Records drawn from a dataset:
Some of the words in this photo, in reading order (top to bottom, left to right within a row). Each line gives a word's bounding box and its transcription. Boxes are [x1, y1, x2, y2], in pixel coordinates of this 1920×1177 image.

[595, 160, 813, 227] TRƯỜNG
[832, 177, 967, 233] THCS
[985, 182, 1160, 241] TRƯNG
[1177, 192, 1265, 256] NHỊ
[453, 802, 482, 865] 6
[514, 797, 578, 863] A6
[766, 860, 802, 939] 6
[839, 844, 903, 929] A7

Work to complete:
Quote all of the entries verbatim.

Solved problem:
Some of the words in this photo, in reading order (top to bottom, left to right within a row). Each line gives a word's bounding box and its transcription. Boxes are [x1, y1, x2, y2], in pixel coordinates of this 1920×1177 image.

[595, 160, 813, 227] TRƯỜNG
[832, 177, 967, 233] THCS
[985, 182, 1160, 241] TRƯNG
[1177, 192, 1265, 256] NHỊ
[453, 802, 482, 865] 6
[514, 797, 578, 863] A6
[766, 860, 802, 939] 6
[839, 844, 903, 929] A7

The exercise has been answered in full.